Intel’s Q3 EPS and Revenue Beat Estimates

Intel’s stock soared more than 11% at the opening bell on Friday after the chipmaker reported better-than-expected profit and revenues for Q3 2023. The company’s shares stood at $36.13 at the time of writing.

According to the report, Intel generated 41 cents in adjusted earnings per share (EPS) in Q3, smashing the consensus estimates of 22 cents. Net income stood at $297 million in the three-month period, or 7 cents per share, down from $1.02 billion, or 25 cents per share reported in the year-ago quarter.

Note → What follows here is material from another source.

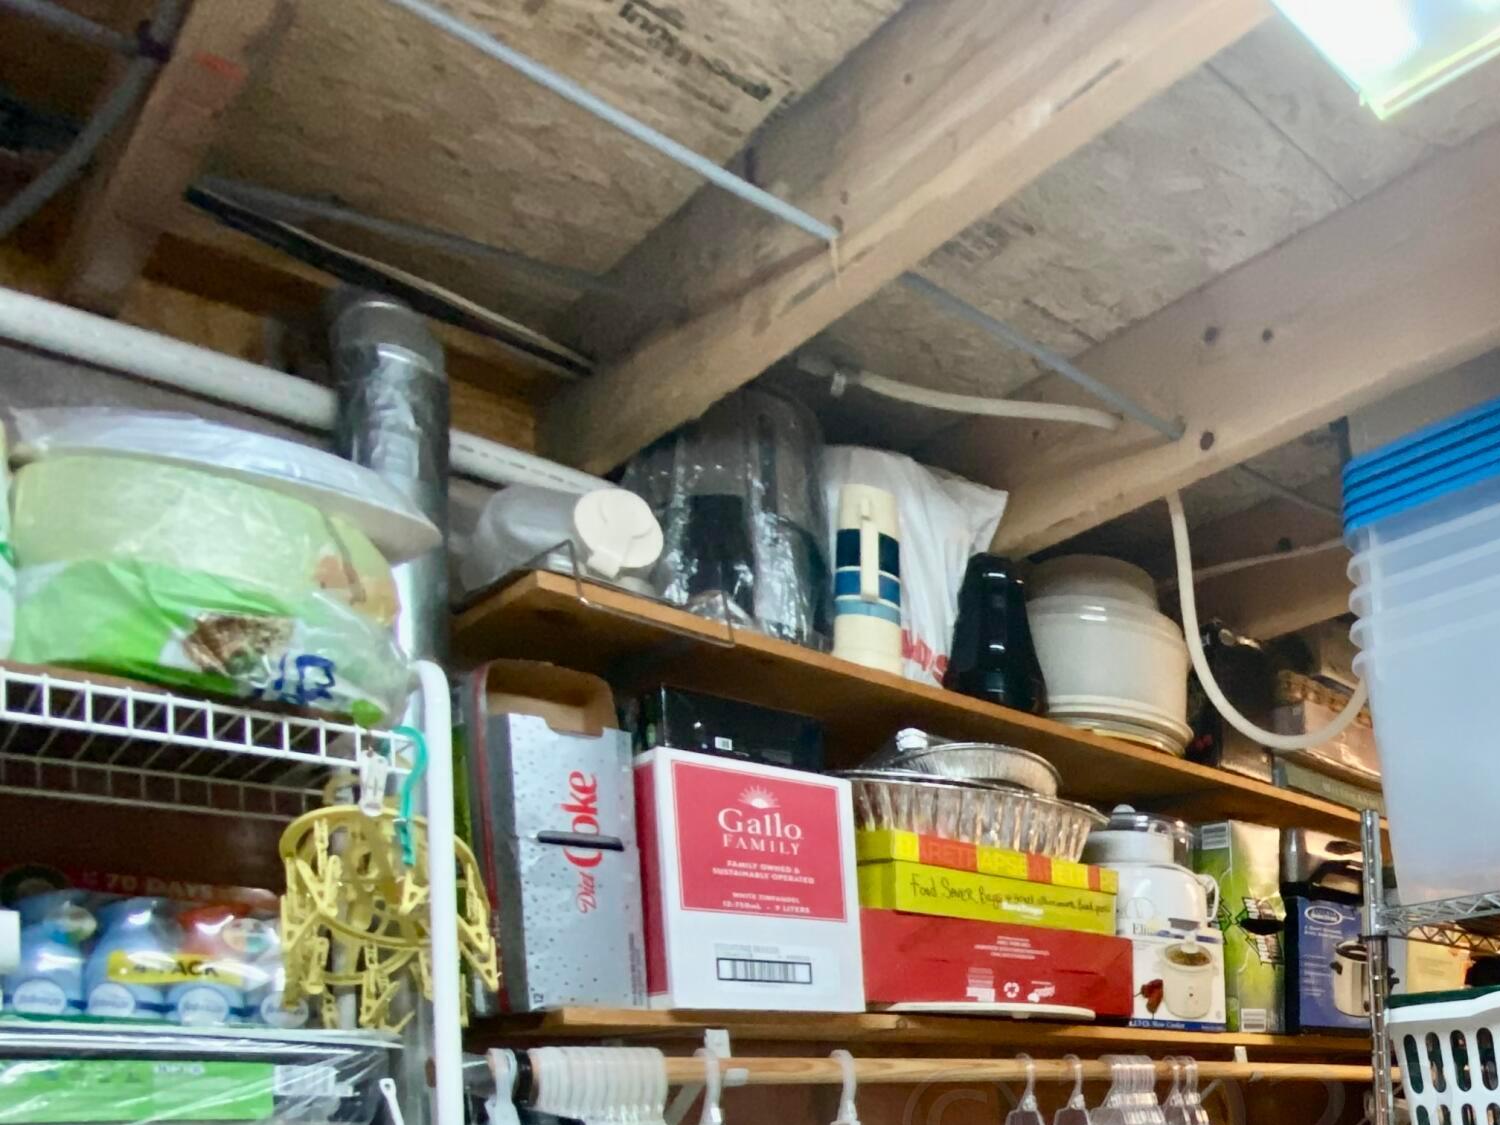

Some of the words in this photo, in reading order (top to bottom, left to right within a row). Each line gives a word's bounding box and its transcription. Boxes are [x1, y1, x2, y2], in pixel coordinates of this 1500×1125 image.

[717, 807, 802, 840] Gallo
[722, 833, 801, 856] FAMILY
[771, 872, 815, 885] OPERATED

Revenue came in at $14.16 billion, down 8% year-over-year (YoY), though better than analysts’ estimates of $13.53 billion. This was the seventh consecutive quarter of declining sales for Intel, although the company expects revenue to grow again in the current quarter. 

Intel posted a Q3 gross margin of 45.8%, roughly unchanged from last year.

Per segment, Intel’s Client Computing group, which accounts for laptop and PC processor shipments, saw its sales decline 3% YoY to $7.9 billion. Meanwhile, sales at the Data Center and AI unit plummeted 10% to $3.8 billion amid increased competition and a smaller overall market for server processors.

On the other hand, Intel’s subsidiary for self-driving car parts, Mobileye, was one of the bright spots of the report, with its sales expanding by 18% to $530 million.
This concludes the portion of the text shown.